American politician and judge (1925–1991)

William T. Evans (February 14, 1925 – October 19, 1991) was an American politician and judge from Maryland. He served as a member of the Maryland House of Delegates, representing District 6 from 1967 to 1973.

==Early life==
William T. Evans was born on February 14, 1925, Newton Falls, Ohio. As a child, his family moved to Dundalk, Maryland. He graduated from Sparrows Point High School in 1943. He graduated from the University of Baltimore with an Associate of Arts in 1949. He graduated with a Juris Doctor from the University of Baltimore School of Law in 1952. He was admitted to the bar in Maryland in 1952.

==Career==
During World War II, Evans served as a bombardier in the United States Army Air Forces in the Pacific Ocean theater. He reached the rank of first lieutenant.

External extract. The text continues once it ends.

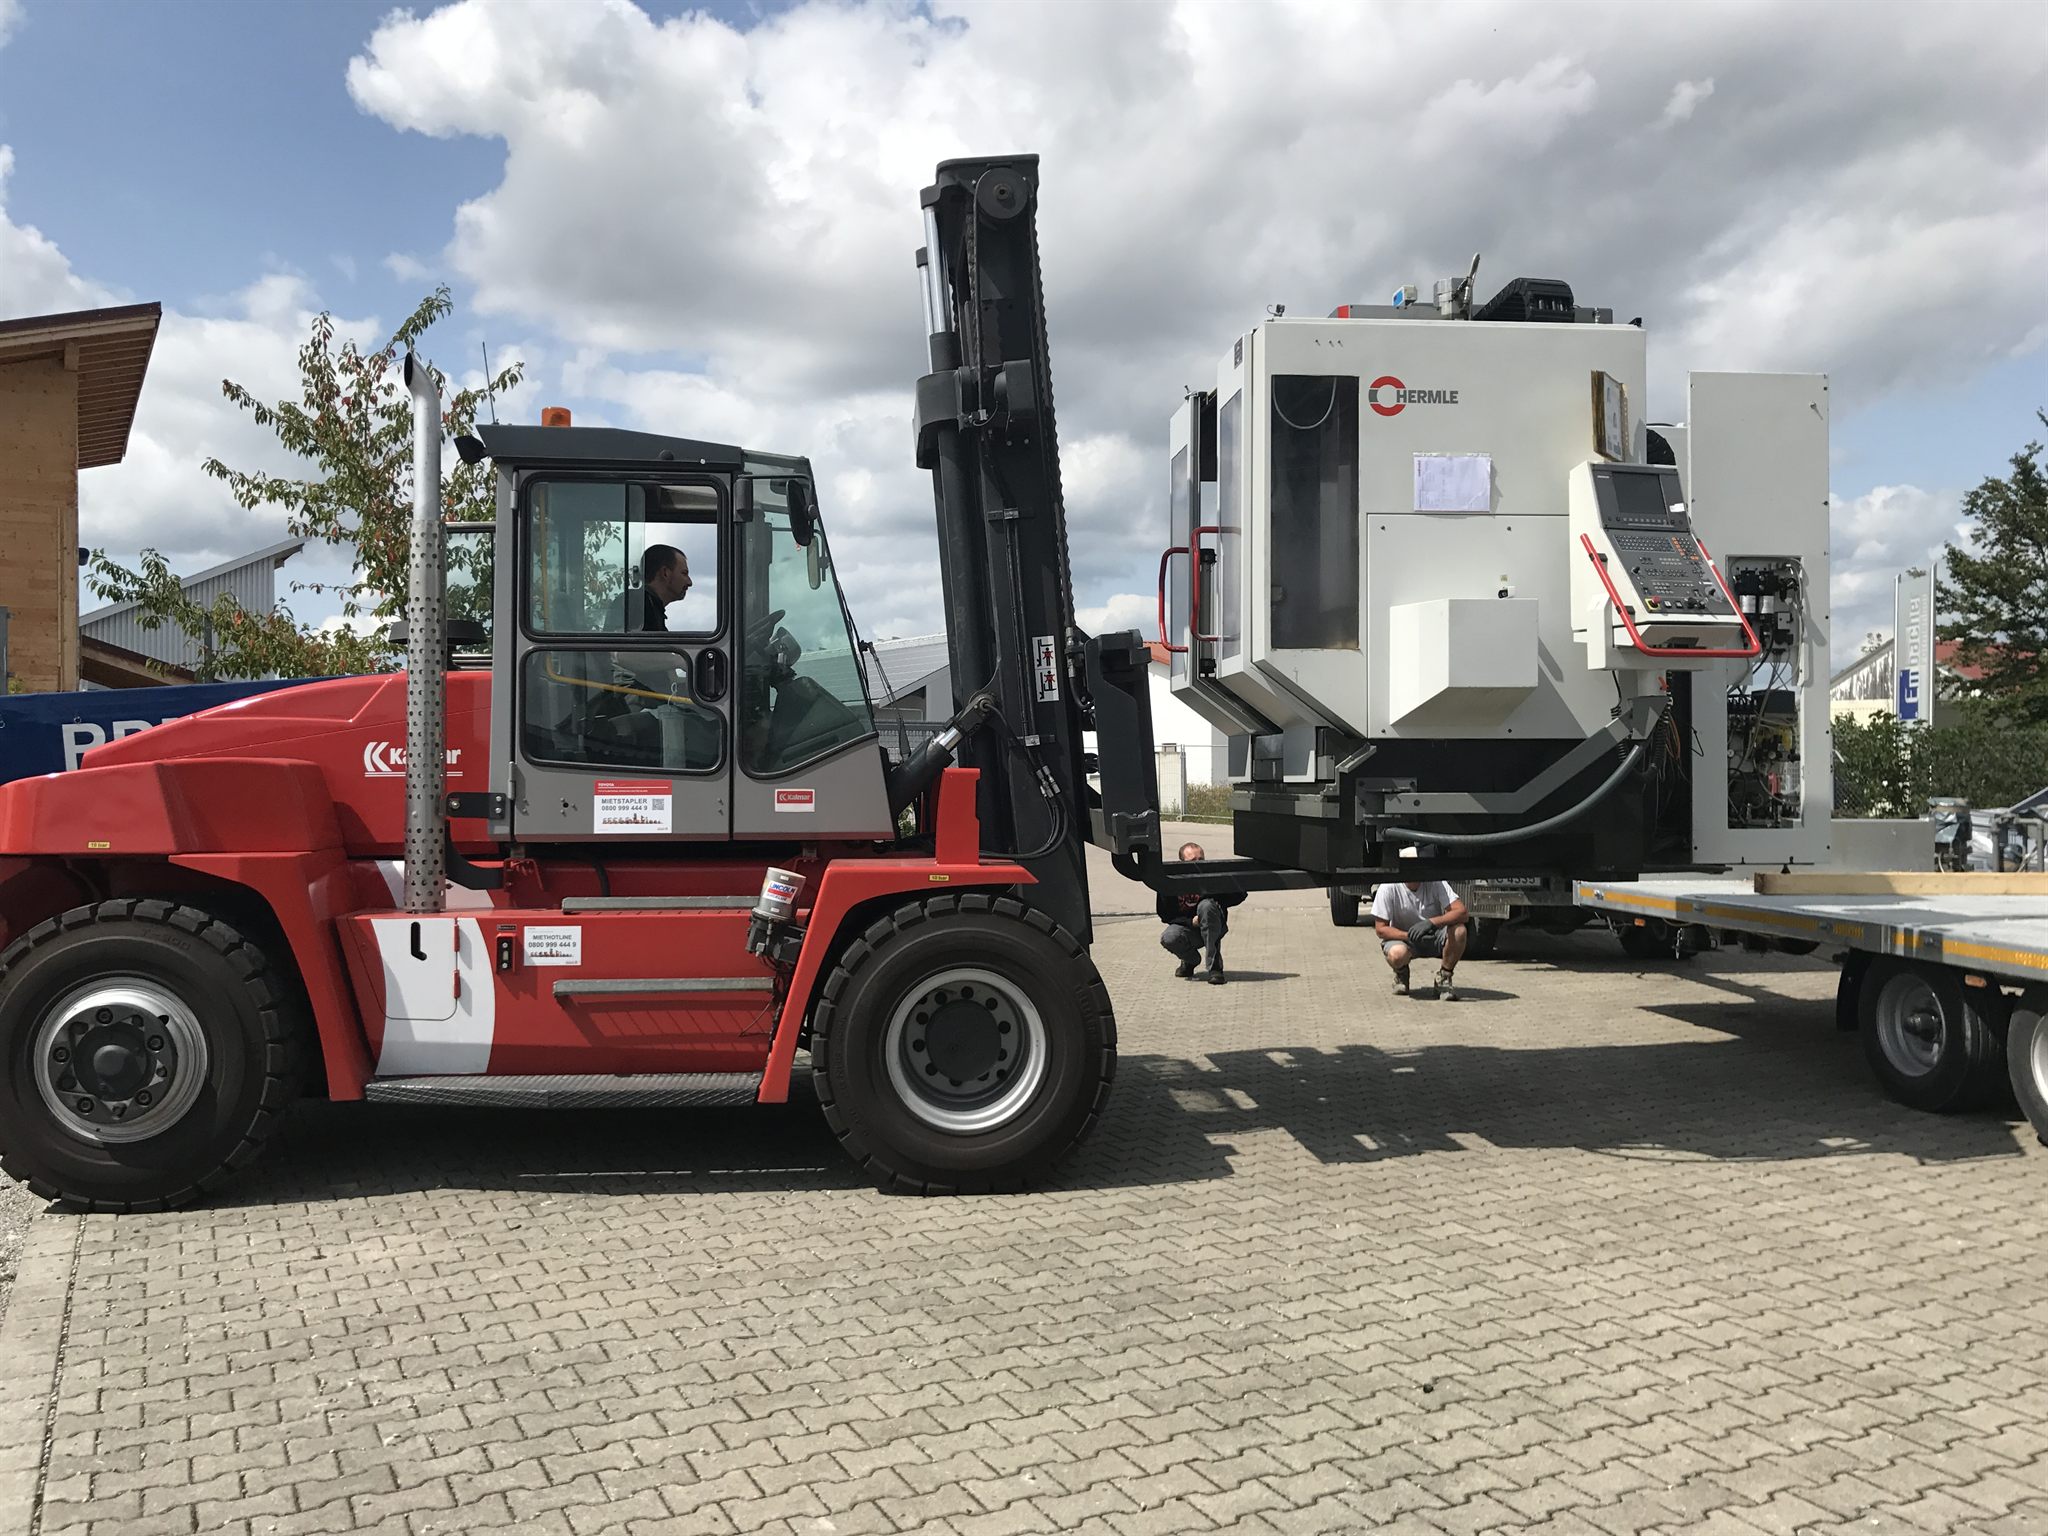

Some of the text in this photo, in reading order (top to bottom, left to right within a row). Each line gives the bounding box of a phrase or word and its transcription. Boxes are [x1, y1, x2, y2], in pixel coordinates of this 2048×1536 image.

[1396, 389, 1459, 404] HERMLE
[787, 793, 811, 801] Kalmar
[769, 882, 797, 894] LINCOLN

After the war, Evans worked as an insurance adjuster for USF&G. In 1952, he began practicing law in Dundalk. From 1959 to 1961, Evans served as trial magistrate in the Sparrows Point Court and as a member of the Baltimore County Planning Board.

Evans was a Democrat. He served as a member of the Maryland House of Delegates, representing 6th, from 1967 until his resignation in 1973. George E. Heffner was appointed to replace him.

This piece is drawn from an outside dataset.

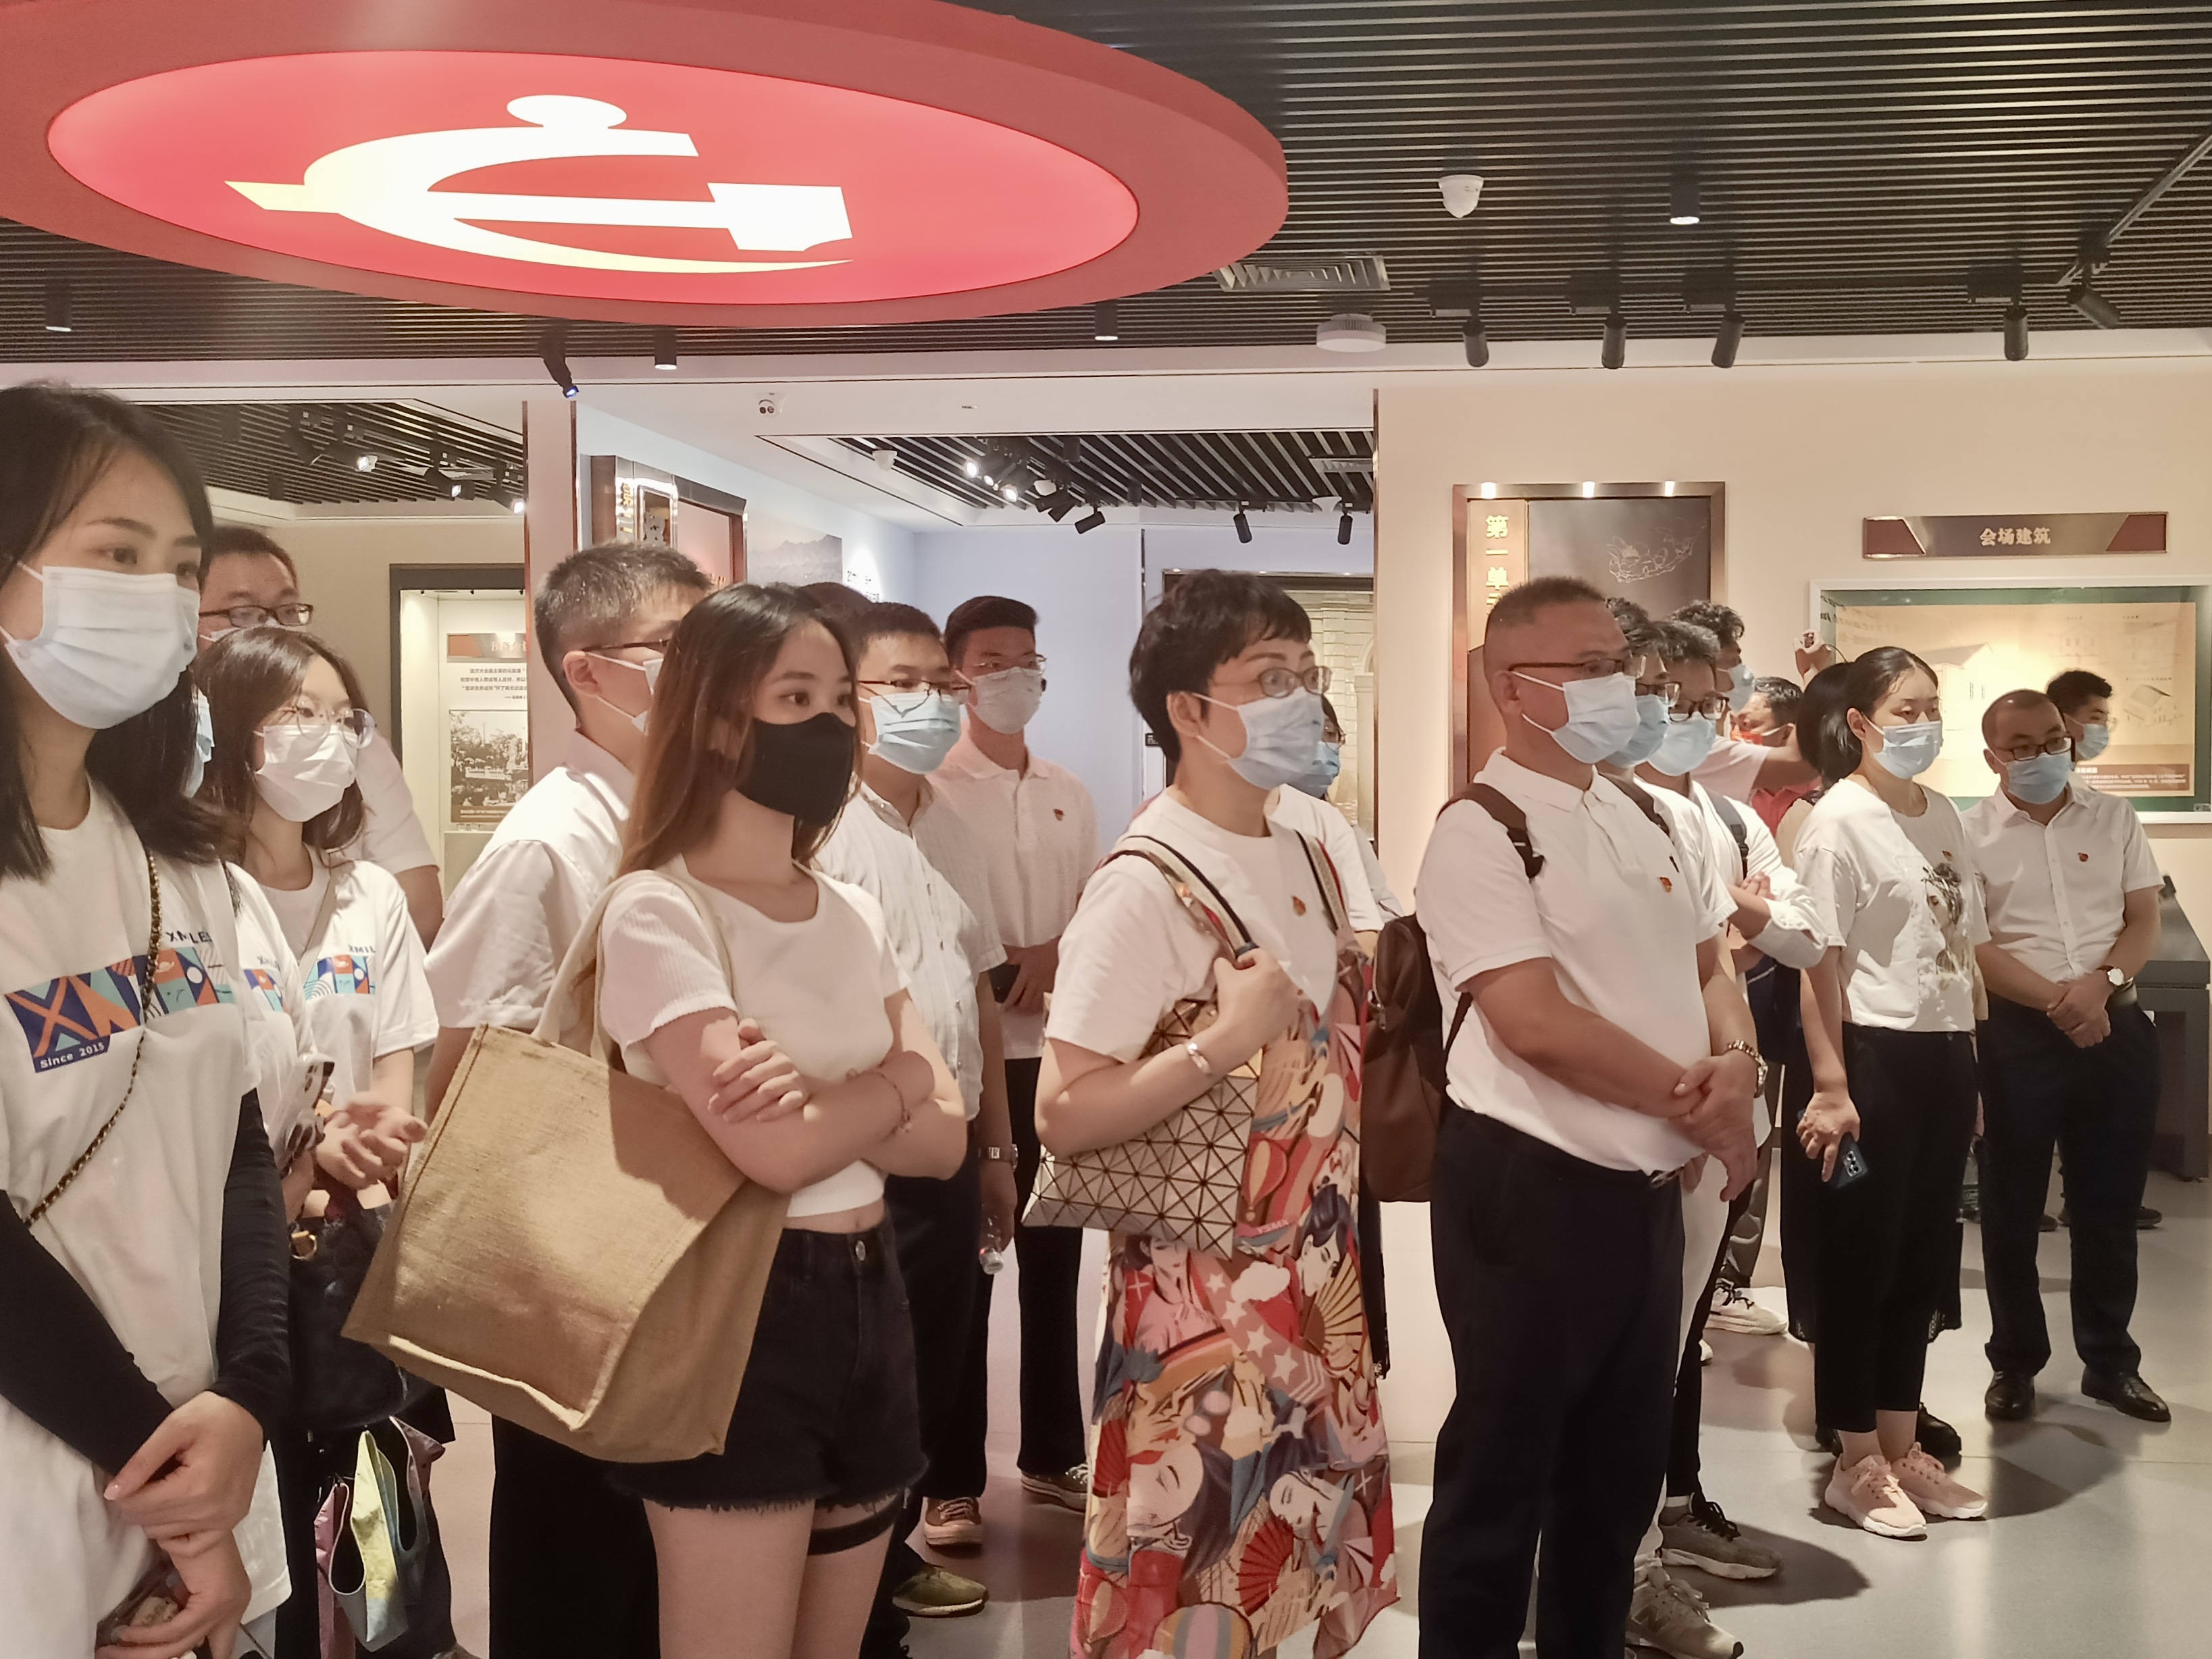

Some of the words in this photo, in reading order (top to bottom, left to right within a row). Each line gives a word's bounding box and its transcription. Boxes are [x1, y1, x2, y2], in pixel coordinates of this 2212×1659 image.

Evans became an administrative judge with the district court in District 8. He was appointed to a ten-year term starting on April 12, 1972. Evans retired from the court in 1985, but still heard cases until September 3, 1991.

==Personal life==
Evans married Mary Elaine Smith. They were married for 44 years and she died in 1987. He then married Rita Boyle Hayden. He had three sons, William R., James C. and Thomas L. He also had two stepsons and a stepdaughter, Grant, Thomas and Dhorey. Around 1990, Evans moved from Dundalk to Edgewood. He also owned a home in Winter Haven, Florida.

Evans died of cancer on October 19, 1991, at his home in Edgewood. He was buried at Oak Lawn Cemetery.